I would like the compiler to help me as much as possible. So maybe you could have a TypedInt where T contains the actual unit.
public struct TypedInt<T>
{
public int Value { get; }
public TypedInt(int value) => Value = value;
public static TypedInt<T> operator -(TypedInt<T> a, TypedInt<T> b) => new TypedInt<T>(a.Value - b.Value);
public static TypedInt<T> operator +(TypedInt<T> a, TypedInt<T> b) => new TypedInt<T>(a.Value + b.Value);
public static TypedInt<T> operator *(int a, TypedInt<T> b) => new TypedInt<T>(a * b.Value);
public static TypedInt<T> operator *(TypedInt<T> a, int b) => new TypedInt<T>(a.Value * b);
public static TypedInt<T> operator /(TypedInt<T> a, int b) => new TypedInt<T>(a.Value / b);
// todo: m² or m/s
// todo: more than just ints
// todo: other operations
public override string ToString() => $"{Value} {typeof(T).Name}";
}
You could have an extensiom method to set the type (or just new):
public static class TypedInt
{
public static TypedInt<T> Of<T>(this int value) => new TypedInt<T>(value);
}
The actual units can be anything. That way, the system is extensible.
(There's multiple ways of handling conversions. What do you think is best?)
public class Mile
{
// todo: conversion from mile to/from meter
// maybe define an interface like ITypedConvertible<Meter>
// conversion probably needs reflection, but there may be
// a faster way
};
public class Second
{
}
This way, you can use:
var distance1 = 10.Of<Mile>();
var distance2 = 15.Of<Mile>();
var timespan1 = 4.Of<Second>();
Console.WriteLine(distance1 + distance2);
//Console.WriteLine(distance1 + 5); // this will be blocked by the compiler
//Console.WriteLine(distance1 + timespan1); // this will be blocked by the compiler
Console.WriteLine(3 * distance1);
Console.WriteLine(distance1 / 3);
//Console.WriteLine(distance1 / timespan1); // todo!
See Boo Ometa (which will be available for Boo 1.0):
Boo Ometa and Extensible Parsing
I really liked reading through this stack overflow question and its answers.

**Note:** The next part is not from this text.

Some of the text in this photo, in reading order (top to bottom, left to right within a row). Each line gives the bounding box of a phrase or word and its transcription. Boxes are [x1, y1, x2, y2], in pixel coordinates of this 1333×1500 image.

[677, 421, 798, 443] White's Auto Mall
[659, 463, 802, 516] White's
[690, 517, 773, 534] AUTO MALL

I have a pet project that I've tinkered with over the years, and have recently started re-writing it and have released it to the open source at https://github.com/MafuJosh/NGenericDimensions
It happens to be somewhat similar to many of the ideas expressed in the question and answers of this page.
It basically is about creating generic dimensions, with the unit of measure and the native datatype as the generic type placeholders.
For example:
Dim myLength1 as New Length(of Miles, Int16)(123)

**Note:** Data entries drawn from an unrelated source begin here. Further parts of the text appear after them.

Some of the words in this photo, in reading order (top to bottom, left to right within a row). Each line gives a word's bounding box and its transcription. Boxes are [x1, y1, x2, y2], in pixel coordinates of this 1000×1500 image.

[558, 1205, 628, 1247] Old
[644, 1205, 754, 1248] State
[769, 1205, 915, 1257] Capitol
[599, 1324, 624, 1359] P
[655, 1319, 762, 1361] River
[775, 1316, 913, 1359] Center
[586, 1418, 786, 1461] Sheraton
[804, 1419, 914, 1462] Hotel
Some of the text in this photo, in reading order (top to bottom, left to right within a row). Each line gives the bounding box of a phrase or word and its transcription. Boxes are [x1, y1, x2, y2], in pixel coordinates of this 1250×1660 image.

With also some optional use of Extension Methods like:
Dim myLength2 = 123.miles
And
Dim myLength3 = myLength1 + myLength2
Dim myArea1 = myLength1 * myLength2
This would not compile:
Dim myValue = 123.miles + 234.kilograms
New units can be extended in your own libraries.
These datatypes are structures that contain only 1 internal member variable, making them lightweight.

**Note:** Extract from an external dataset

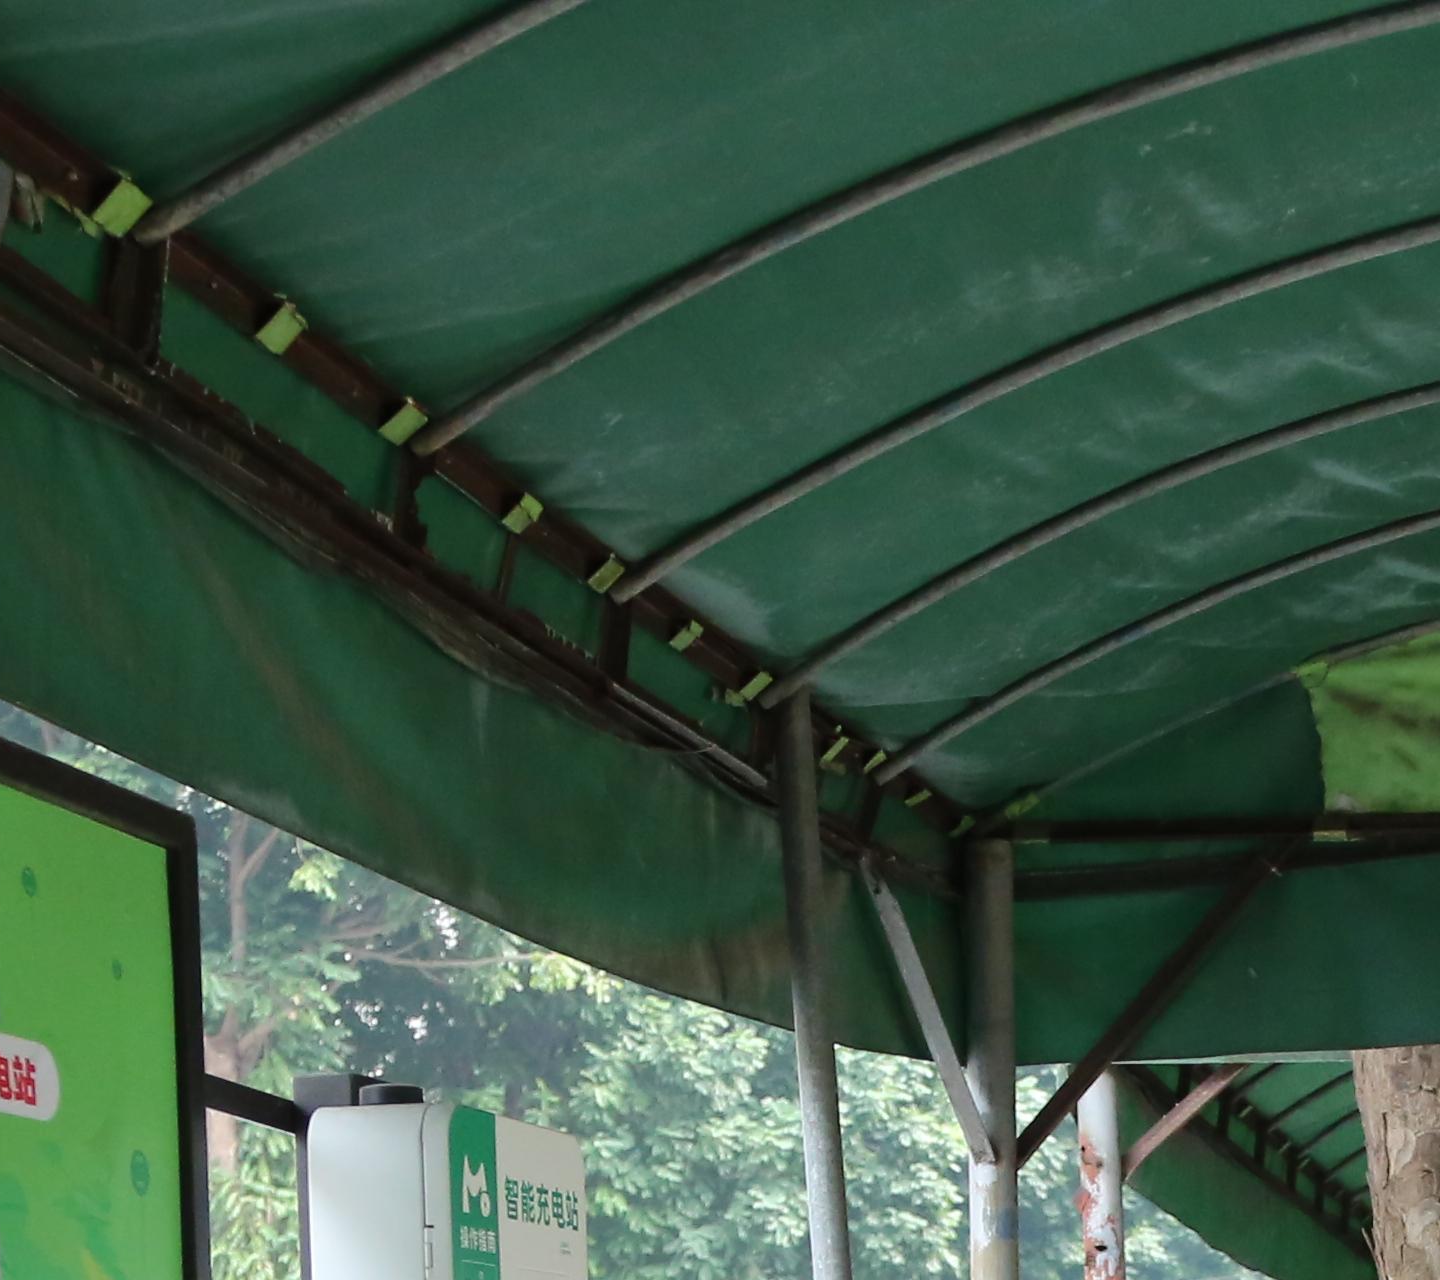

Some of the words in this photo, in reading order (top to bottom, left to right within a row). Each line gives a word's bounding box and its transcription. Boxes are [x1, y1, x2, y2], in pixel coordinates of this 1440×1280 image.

[505, 1176, 579, 1231] 智能充电站

Basically, the operator overloads are restricted to the "dimension" structures, so that every unit of measure doesn't need operator overloads.
Of course, a big downside is the longer declaration of the generics syntax that requires 3 datatypes. So if that is a problem for you, then this isn't your library.
The main purpose was to be able to decorate an interface with units in a compile-time checking fashion.
There is a lot that needs to be done to the library, but I wanted to post it in case it was the kind of thing someone was looking for.